DIRECTIONS
Your copy must hold all of the data below, unchanged and without images.

DATA FOR PROCESSING

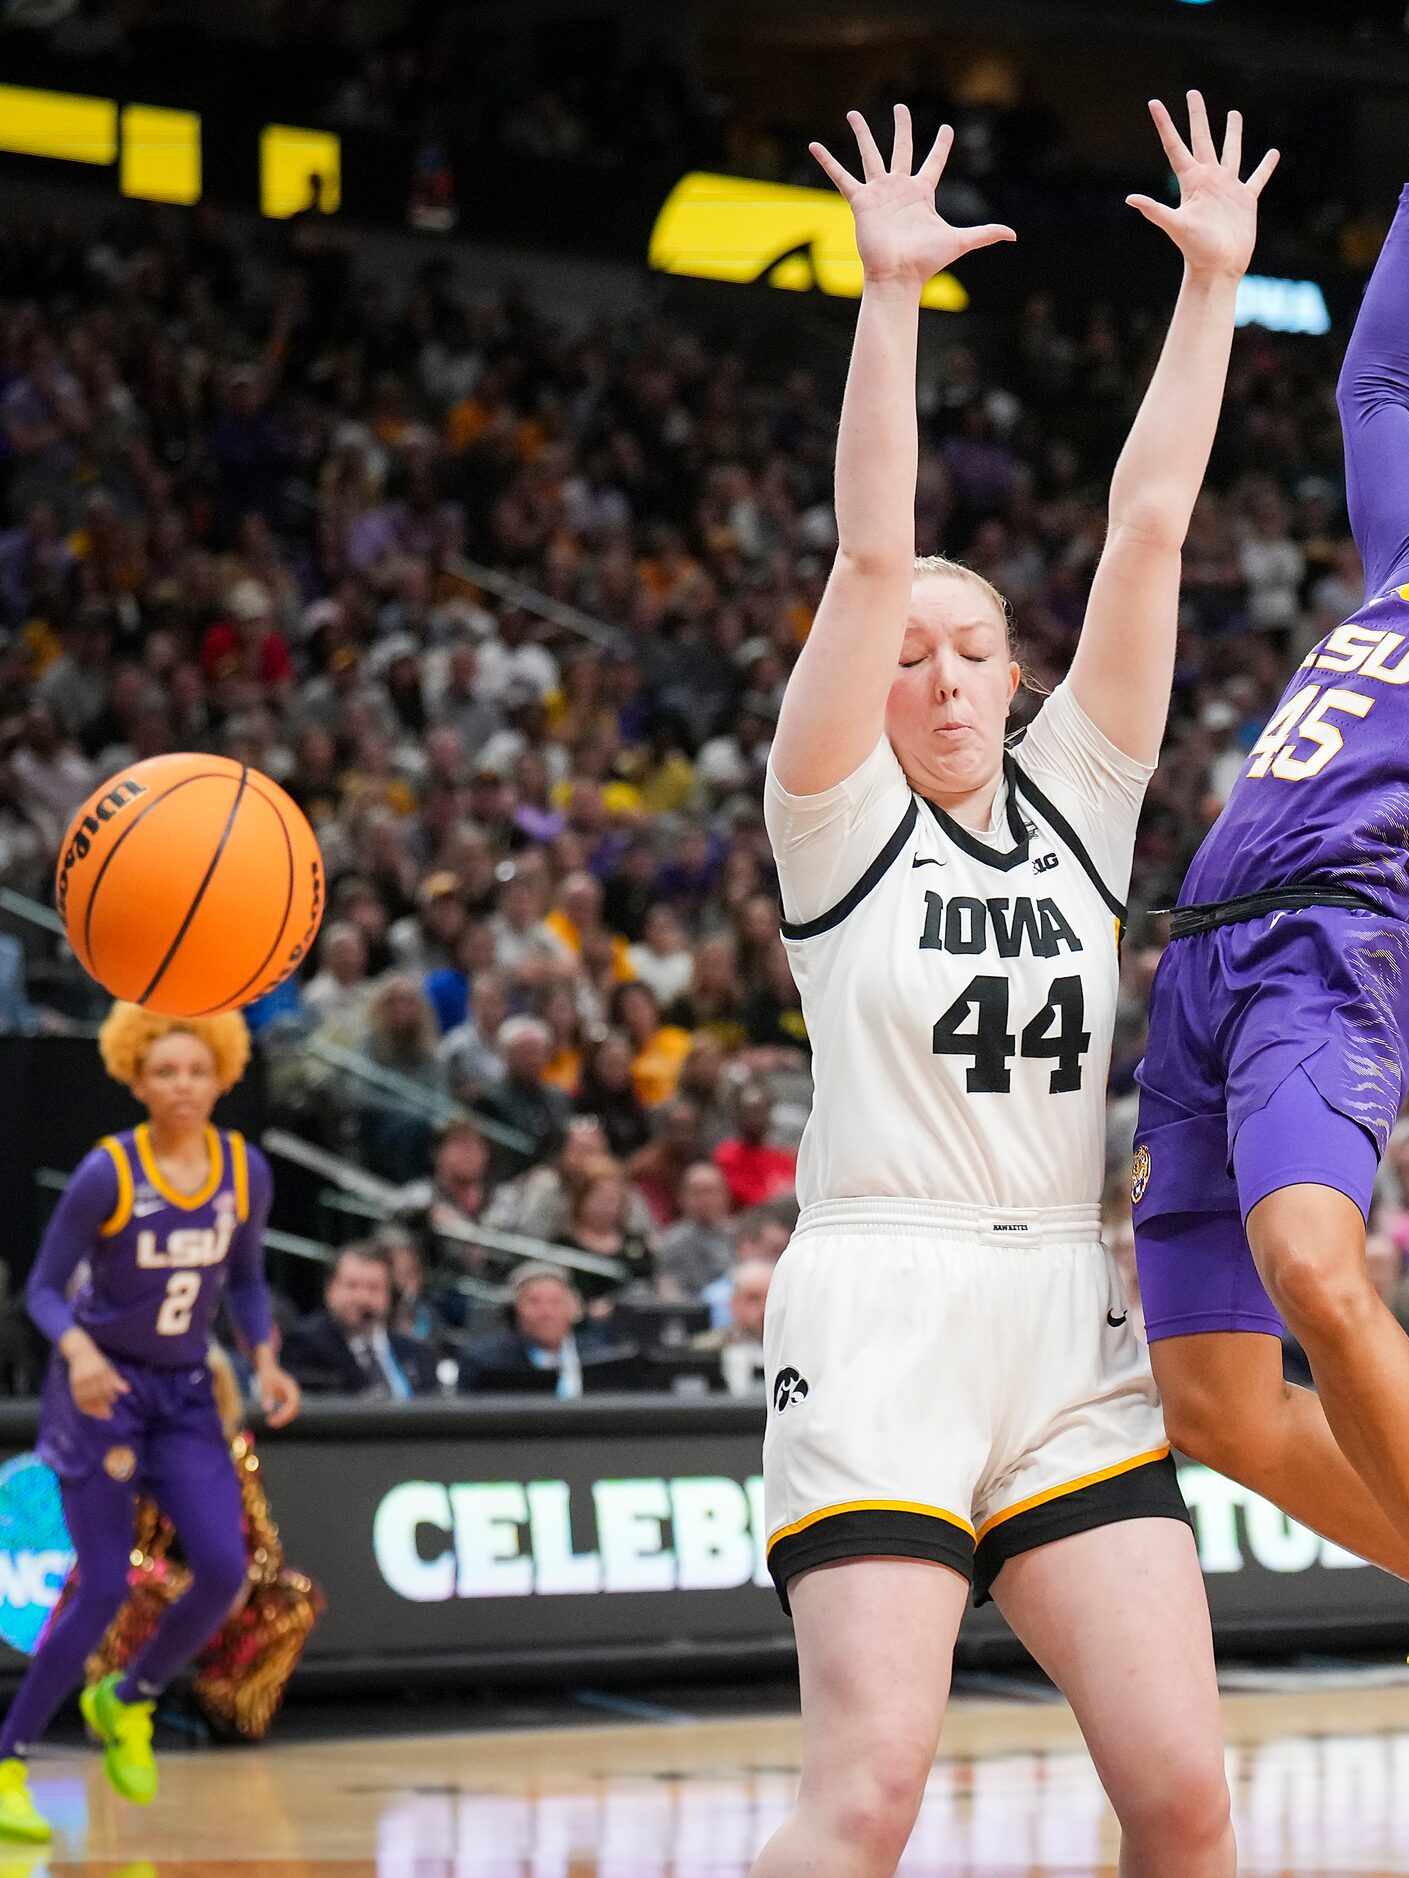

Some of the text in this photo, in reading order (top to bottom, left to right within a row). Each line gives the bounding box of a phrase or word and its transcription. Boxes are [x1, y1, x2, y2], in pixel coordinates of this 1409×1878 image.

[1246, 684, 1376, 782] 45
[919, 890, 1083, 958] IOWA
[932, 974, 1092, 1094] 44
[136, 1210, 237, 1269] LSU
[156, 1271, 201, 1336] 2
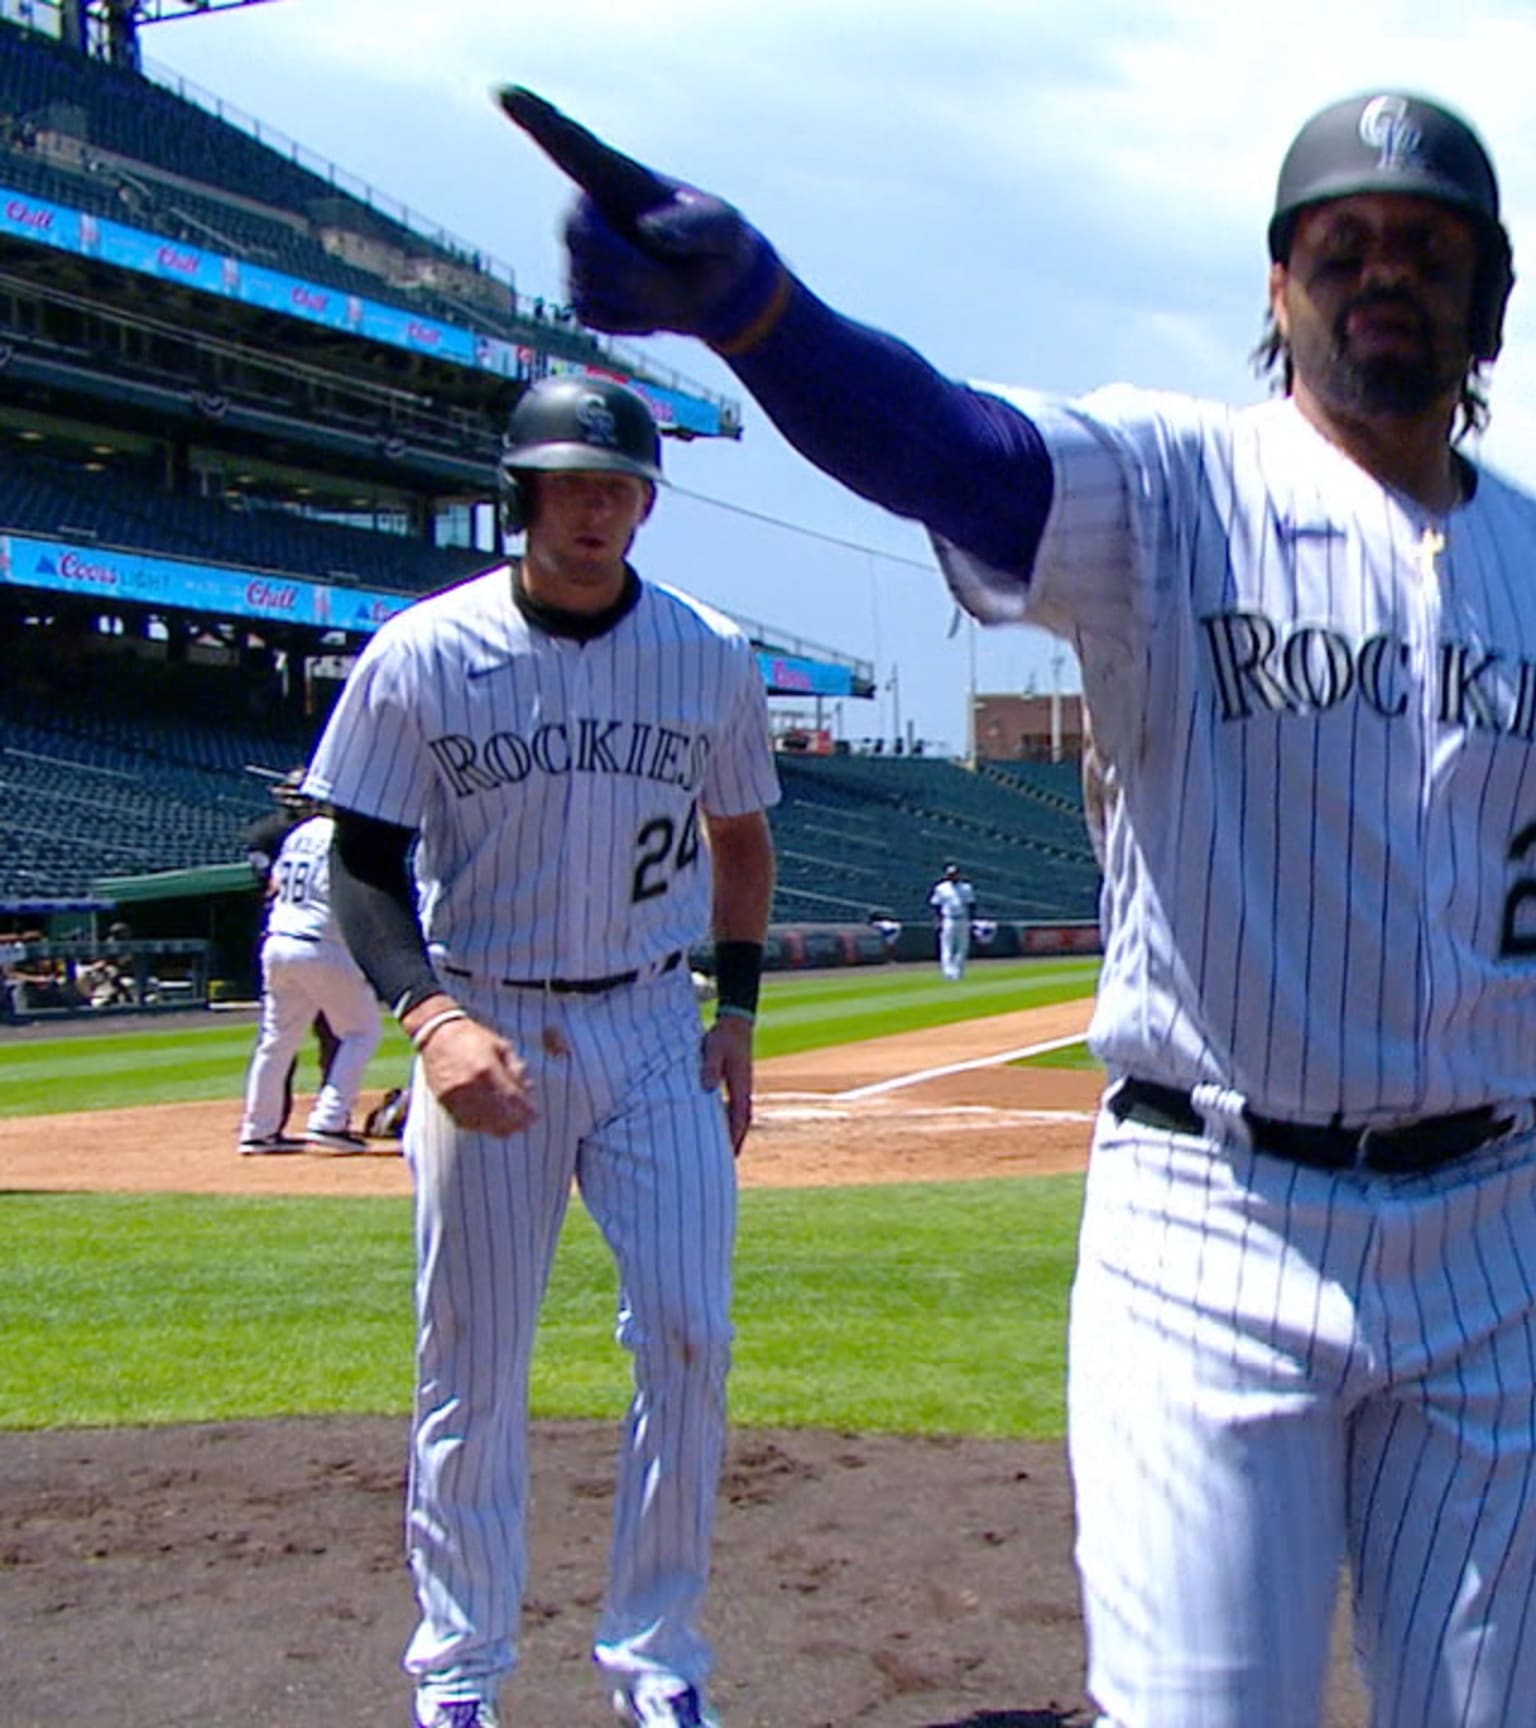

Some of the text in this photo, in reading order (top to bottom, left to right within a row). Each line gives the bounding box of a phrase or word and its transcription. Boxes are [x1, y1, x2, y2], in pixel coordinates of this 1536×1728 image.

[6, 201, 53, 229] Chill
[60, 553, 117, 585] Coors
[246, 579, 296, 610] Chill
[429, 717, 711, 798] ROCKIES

YOUR SOLUTION
Some of the text in this photo, in reading order (top to bottom, left to right within a row). Each line gives the bounding box of a phrase or word and its transcription. Boxes are [x1, y1, x2, y2], in pixel coordinates of this 1409×1878 image.

[1246, 684, 1376, 782] 45
[919, 890, 1083, 958] IOWA
[932, 974, 1092, 1094] 44
[136, 1210, 237, 1269] LSU
[156, 1271, 201, 1336] 2

Some of the text in this photo, in reading order (top to bottom, left to right within a row). Each line gives the bounding box of a phrase or word and its transcription. Boxes are [x1, y1, x2, y2], in pixel coordinates of this 1536×1728 image.

[6, 201, 53, 229] Chill
[60, 553, 117, 585] Coors
[246, 579, 296, 610] Chill
[429, 717, 711, 798] ROCKIES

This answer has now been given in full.